As part of my “getting up in time for work” practice, I made an early appearance at the polling station yesterday to cast my vote in the referendum about changing the system for elections to the Westminster Parliament.
I then checked my letter of appointment for counting duty and discovered that the count didn’t start until 3 p.m. on Friday, not 9 a.m. as I had thought. My cup runneth over.
So I turned up at the Town Hall and, discovering that the start time was actually half past three, wandered down to Waterstone’s taking in a large dose of sunshine and an ice cream along the way.
Half an hour later, I was back at the Town Hall where I duly presented my passport, received my cheque and waited for the off. Counting started at 4 p.m. precisely.
It was a superficially straight forward affair – you had to sort the votes into “yeses” and “noes” and count them. There was some scope for confusion …
“Are these noes?”
“Yes, they’re noes”
“No, those are yeses”
… you get the picture. We completed the first count fairly promptly and waited to be dismissed. No such luck. The regional election centre ordered a recount.
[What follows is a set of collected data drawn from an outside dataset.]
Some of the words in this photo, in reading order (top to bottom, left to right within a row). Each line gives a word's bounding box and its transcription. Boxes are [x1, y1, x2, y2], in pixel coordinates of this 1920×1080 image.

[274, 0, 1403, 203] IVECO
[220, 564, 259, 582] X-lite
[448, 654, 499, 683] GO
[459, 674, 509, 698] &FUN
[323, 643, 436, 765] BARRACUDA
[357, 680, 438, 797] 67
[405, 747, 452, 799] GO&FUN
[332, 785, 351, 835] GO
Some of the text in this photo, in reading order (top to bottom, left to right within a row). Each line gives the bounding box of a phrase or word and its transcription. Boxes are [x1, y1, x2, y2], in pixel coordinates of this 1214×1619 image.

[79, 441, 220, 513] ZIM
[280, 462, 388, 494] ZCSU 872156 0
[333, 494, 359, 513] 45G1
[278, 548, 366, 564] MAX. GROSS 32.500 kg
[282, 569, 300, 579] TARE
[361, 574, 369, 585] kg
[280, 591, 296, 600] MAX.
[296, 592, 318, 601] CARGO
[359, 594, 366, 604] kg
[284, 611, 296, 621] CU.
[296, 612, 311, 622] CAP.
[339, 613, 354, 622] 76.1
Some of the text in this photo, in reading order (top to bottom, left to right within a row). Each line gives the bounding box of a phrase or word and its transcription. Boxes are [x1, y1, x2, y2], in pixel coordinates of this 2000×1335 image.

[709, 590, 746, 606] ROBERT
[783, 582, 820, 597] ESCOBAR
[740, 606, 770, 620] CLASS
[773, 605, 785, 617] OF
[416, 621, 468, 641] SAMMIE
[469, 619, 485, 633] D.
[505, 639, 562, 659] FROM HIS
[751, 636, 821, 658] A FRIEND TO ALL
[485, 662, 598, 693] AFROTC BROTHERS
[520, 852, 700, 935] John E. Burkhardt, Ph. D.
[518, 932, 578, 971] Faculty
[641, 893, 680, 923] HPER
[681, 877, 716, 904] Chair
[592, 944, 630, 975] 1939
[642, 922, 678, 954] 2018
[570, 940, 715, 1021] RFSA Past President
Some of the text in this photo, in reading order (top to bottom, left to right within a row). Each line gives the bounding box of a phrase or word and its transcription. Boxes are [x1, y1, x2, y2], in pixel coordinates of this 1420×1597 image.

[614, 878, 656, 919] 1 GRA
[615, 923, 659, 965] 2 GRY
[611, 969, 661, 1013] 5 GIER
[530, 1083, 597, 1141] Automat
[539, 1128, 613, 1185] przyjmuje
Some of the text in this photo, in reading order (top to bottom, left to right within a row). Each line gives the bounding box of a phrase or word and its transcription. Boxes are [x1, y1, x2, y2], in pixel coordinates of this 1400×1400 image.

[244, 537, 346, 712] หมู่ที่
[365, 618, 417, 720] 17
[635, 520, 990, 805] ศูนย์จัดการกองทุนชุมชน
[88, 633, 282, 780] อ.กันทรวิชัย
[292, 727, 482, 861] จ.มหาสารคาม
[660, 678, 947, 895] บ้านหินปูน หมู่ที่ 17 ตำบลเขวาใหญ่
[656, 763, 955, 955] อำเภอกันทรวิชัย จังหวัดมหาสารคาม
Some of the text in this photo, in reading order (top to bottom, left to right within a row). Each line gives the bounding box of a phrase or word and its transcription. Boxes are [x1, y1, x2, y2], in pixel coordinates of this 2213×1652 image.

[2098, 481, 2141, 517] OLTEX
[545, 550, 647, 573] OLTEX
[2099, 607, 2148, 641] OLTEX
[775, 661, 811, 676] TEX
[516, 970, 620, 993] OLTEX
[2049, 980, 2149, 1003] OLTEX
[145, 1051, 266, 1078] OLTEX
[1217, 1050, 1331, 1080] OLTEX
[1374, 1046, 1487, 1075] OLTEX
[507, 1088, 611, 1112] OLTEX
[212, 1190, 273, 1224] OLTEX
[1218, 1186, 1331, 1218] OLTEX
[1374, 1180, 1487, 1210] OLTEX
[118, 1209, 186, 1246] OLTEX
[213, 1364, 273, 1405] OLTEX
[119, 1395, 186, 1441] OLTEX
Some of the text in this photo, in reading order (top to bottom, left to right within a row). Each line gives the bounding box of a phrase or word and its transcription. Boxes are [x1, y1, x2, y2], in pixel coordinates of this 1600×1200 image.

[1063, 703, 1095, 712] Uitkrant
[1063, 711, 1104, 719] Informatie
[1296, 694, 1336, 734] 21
The reason for the recount was not the nail bitingly closeness of the respective totals, but the fact that there was a discrepancy of less than ten between the number of votes cast and the number of votes counted (compounded by an inherent weakness in the postal vote system). Where’s William of Occam when you need him?
The result was eventually declared just before 9 p.m., instead of 7 p.m., as originally planned.
As in previous counts, there was the reassurance that British elections are administered by people who care passionately about the integrity of the process and that the process itself is satisfyingly transparent (a strong argument against electronic voting). There wasn’t the same buzz as in a proper election, although the “Yes” activists were understandably pleased that Oxford was one of the few areas that supported the Alternative Vote.
As a work experience, it was noticeable how there was an almost instantaneous sense of team spirit – the same thing happened with the Census. Of course, this rather begs the question of why organisations think it necessary to send their most senior managers on expensive team building exercises. DON’T GET ME STARTED ON TEAM BUILDING EXERCISES.